During the discovery process I found a lot of information about specific foods that help control blood glucose. Some of the foods act similar to insulin and others help in other ways. These foods include but are not limited to cinnamon, buckwheat, nopal, bitter gourd, garlic, onions, agave and several others. Other foods help by being highly anti inflammatory. These include just about anything high in anti-oxidants, omega 3 (particularly EPA and DHA), vitamin D, and fiber. Some of the high fiber super foods include chia seed, hemp seed, flax seed and psyllium husks.

This train of thought started with the question about cinnamon and if it would help lower blood glucose. I guess my answer is yes and no. If your blood glucose is high and that is the only thing you are doing you will probably not see much of a result.

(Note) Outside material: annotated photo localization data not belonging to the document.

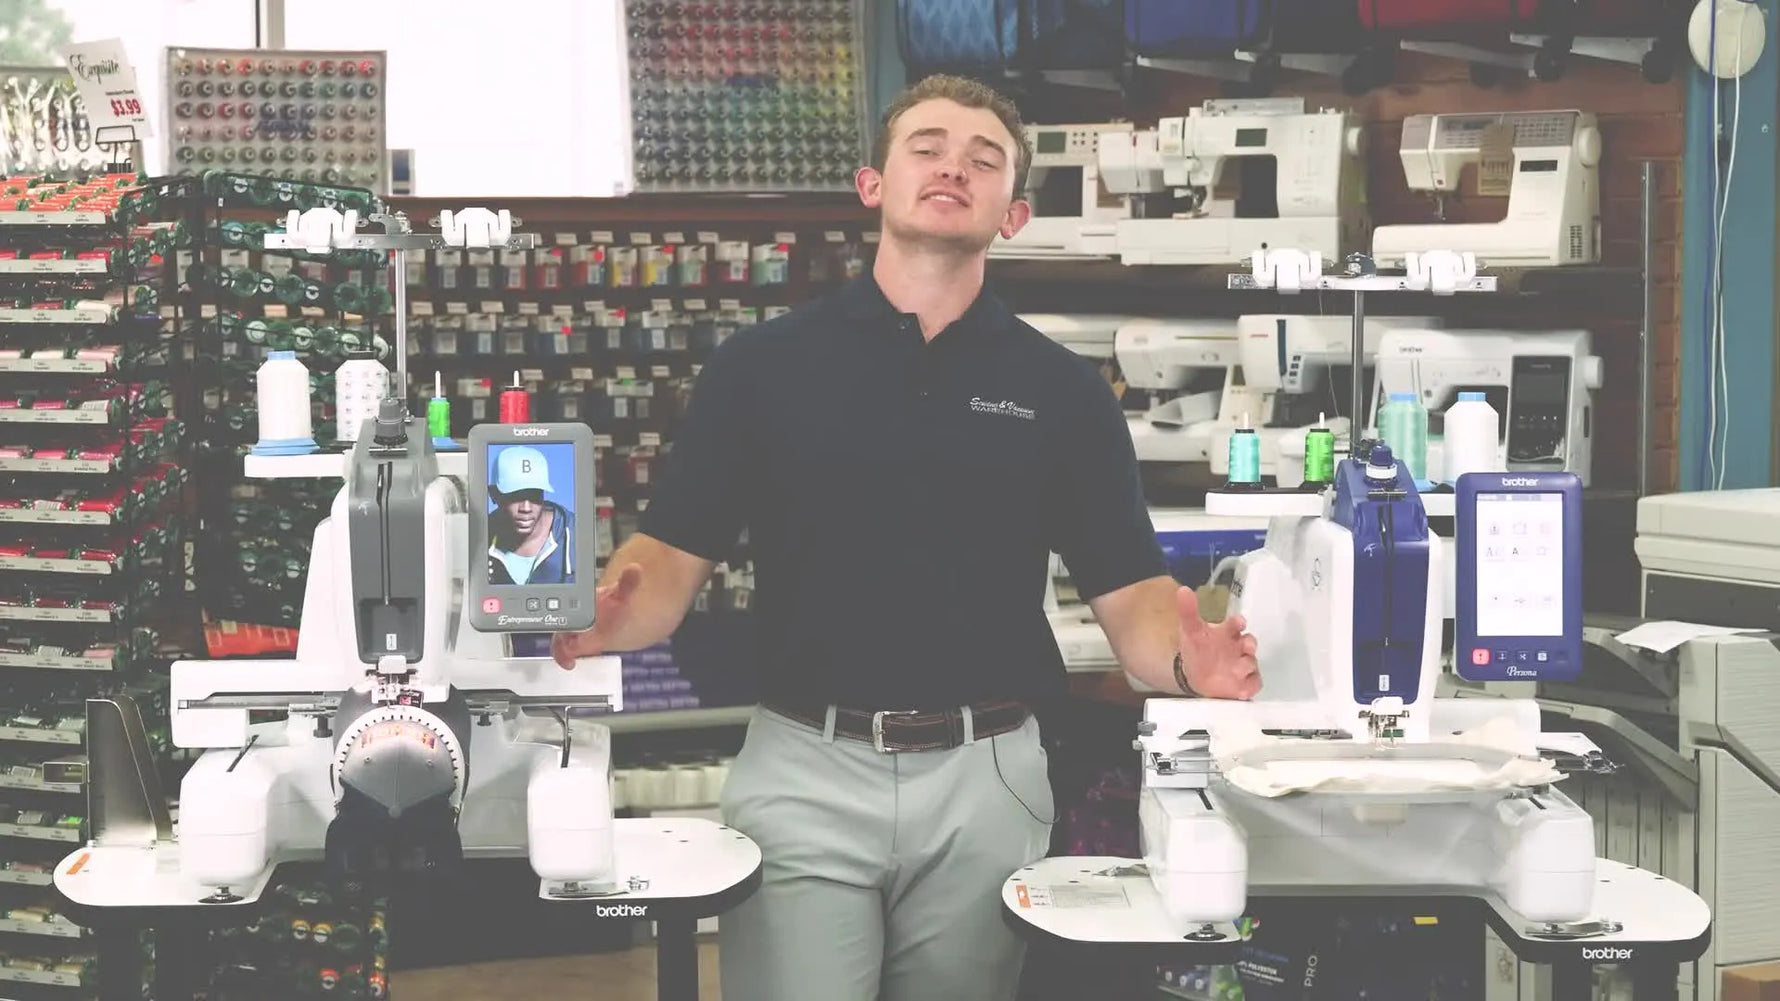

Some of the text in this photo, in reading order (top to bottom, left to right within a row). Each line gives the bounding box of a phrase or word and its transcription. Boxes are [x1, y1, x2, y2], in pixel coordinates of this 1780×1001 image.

[69, 54, 119, 85] Exquisite
[110, 99, 141, 117] $3.99
[999, 400, 1007, 409] &
[513, 427, 549, 437] brother
[522, 459, 532, 473] B
[1502, 477, 1539, 486] brother
[1506, 665, 1538, 677] Persona
[596, 904, 648, 917] brother
[1582, 946, 1633, 959] brother
[1303, 955, 1318, 987] PRO

If cinnamon is combined with a wider strategy that changes all the other diet elements that were causing the problem it is probably going to be beneficial. My A1C has been under 5.6 for 3 years. Is it because of cinnamon? Cinnamon is part of my strategy but just one part.

When looking at the problem we have to consider that diabetes was diagnosed at less than 1% in the population in 1950. In the past 60 years there has been an 800% increase to 8%. Over 90% of the increase is in the incidence of type 2 diabetes. There are two major things that have happened in our society in the past 60 years. We have become more sedentary and our diet has changed. That indicates two things for us to do. One is to start exercising more like we did back then and the other is to eat better eliminating the highly processed and inflammatory foods that have crept into our national diet.


2 replies

mamaoak
mamaoak 2009-08-18 19:16:36 -0500 Report

well i have to agree with you i was on insulin in jan then off it bye the 1st of march then medfromin now just got off it and am doing diet and exersise. hope i can do aswell as you.